Do not just remove the env var without first registering an encryption provider — the daemon will crash-loop until one of the two is true.

Critical: Always stop xrayGraphDB with SIGTERM (graceful shutdown). Never use kill -9. A forced kill skips the final snapshot and may result in data loss on next recovery.

Storage Engine Selection

xrayGraphDB supports two storage engines, both built on eMTAi's patent-pending storage architecture. Set with --storage-engine on the command line or in the service file.

EngineFlagBehaviorBest For
mmap --storage-engine=mmap Data stored on NVMe, paged into RAM on demand via kernel page cache. Handles datasets larger than physical RAM. Production, large datasets, bulk loading
default (in-memory) --storage-engine=default All data in RAM. No disk I/O during queries. Lowest possible latency (0.1ms). Low-latency workloads, datasets that fit in RAM
Important — In-memory engine memory requirements: The default (in-memory) engine stores all vertices, edges, properties, and indexes in RAM. A dataset that uses 2GB on disk (mmap) may require 10-20GB in RAM due to in-memory index structures, property heap allocations, and per-record metadata. Plan for approximately 5-10x the on-disk size when using the in-memory engine.

Memory Configuration

xrayGraphDB should be allowed to use most of the available RAM, but always reserve a safety margin for the operating system. If the database exhausts all memory, the OS OOM killer will terminate the process mid-operation, risking data corruption.

INI
# /etc/systemd/system/xraygraphdb.service.d/memory.conf
# RECOMMENDED: Use 95% of physical RAM. The remaining 5% keeps the
# OS responsive and prevents the OOM killer from crashing the database.
[Service]
MemoryMax=95%

# On shared servers, set an absolute limit with at least 20% headroom
# above your expected peak usage for query working memory and OS caches.
# Example for a 256GB server with ~150GB expected dataset:
# MemoryMax=200G

# WARNING: Do not use MemoryMax=infinity. If the database exhausts all
# memory, the OOM killer will terminate the process, potentially
# corrupting in-flight writes and WAL entries.
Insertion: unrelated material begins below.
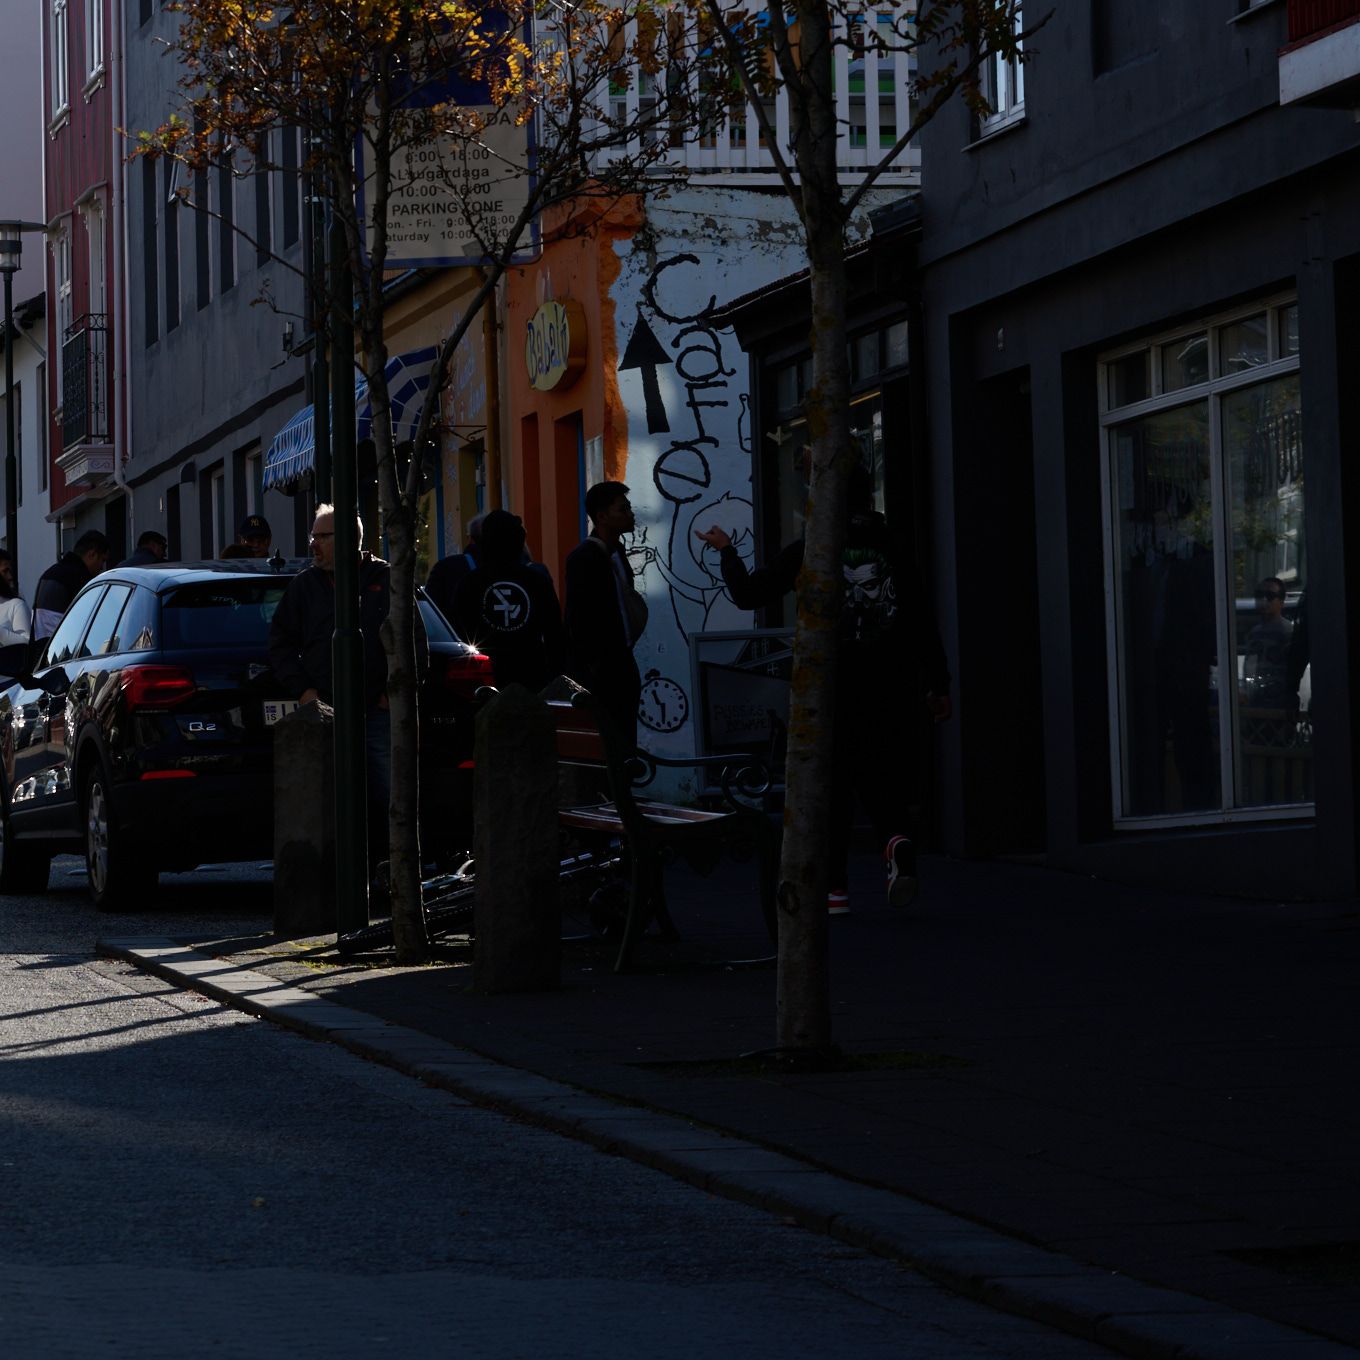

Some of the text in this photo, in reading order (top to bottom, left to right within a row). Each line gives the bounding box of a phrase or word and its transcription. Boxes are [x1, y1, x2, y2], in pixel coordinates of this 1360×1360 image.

[392, 200, 504, 217] PARKING ZONE
[386, 218, 404, 229] on.
[386, 231, 430, 243] aturday
[188, 721, 217, 733] Q2
After changing service configuration, reload systemd:

Shell
sudo systemctl daemon-reload
sudo systemctl restart xraygraphdb

Docker: When running in Docker, set the container memory limit with --memory or deploy.resources.limits.memory in Compose. Always leave 5% of host RAM for the OS. For example, on a 64GB host: docker run --memory=60g.

Installation: macOS

macOS is supported for development only. For production workloads use Linux or Docker.

Shell
# Download macOS binary (Apple Silicon or Intel)
curl -LO https://releases.emtailabs.com/xraygraphdb/xraygraphdb-v4.9.4-macos-arm64.tar.gz

# Extract and run
tar xzf xraygraphdb-v4.9.4-macos-arm64.tar.gz
cd xraygraphdb-v4.9.4
./bin/xraygraphdb-wrapper

On macOS you may also use Docker Desktop, which is the recommended approach for local development.
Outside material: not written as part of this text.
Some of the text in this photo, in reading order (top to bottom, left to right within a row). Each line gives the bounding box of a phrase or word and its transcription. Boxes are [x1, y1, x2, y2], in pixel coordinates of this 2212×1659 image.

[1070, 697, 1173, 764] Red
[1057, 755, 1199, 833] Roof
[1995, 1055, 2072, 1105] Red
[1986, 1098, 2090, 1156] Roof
First Boot: Bootstrap Admin

Fresh installs ship with no users in the auth store. The daemon will not let you create the first admin user over the wire (chicken-and-egg), so you must run the one-time bootstrap helper before the database is usable. This step does not apply to replica nodes — replicas inherit the admin user from the cluster's MAIN; see Cluster Setup.

Shell
sudo xraygraphdb-bootstrap-admin

The helper:

  1. Generates a 24-character random password.
  2. Displays it once on your terminal in red.
  3. Asks you to retype it to confirm you copied it.
  4. Writes the username/password to /run/xraygraphdb/bootstrap.env — this is a tmpfs file, never on disk — and starts the daemon.
  5. Schedules an ExecStartPost hook that wipes the env file ~15 seconds after the daemon comes up.
The password is shown exactly once. The script does not write it to any persistent file on this server. Copy it to your password manager when prompted. If you lose it, the only recovery is to wipe /var/lib/xraygraphdb and re-run the bootstrap — the existing user data is unrecoverable.

Loading datasets — where to put files

The default systemd unit ships with PrivateTmp=true for sandbox hardening. That gives the daemon its own private /tmp/ namespace, separate from the host's /tmp/. Anything you place in the host's /tmp/ is invisible to the daemon, and bulk-import calls against those paths fail-fast with 0 vertices / 0 edges in under a second — no error in the journal.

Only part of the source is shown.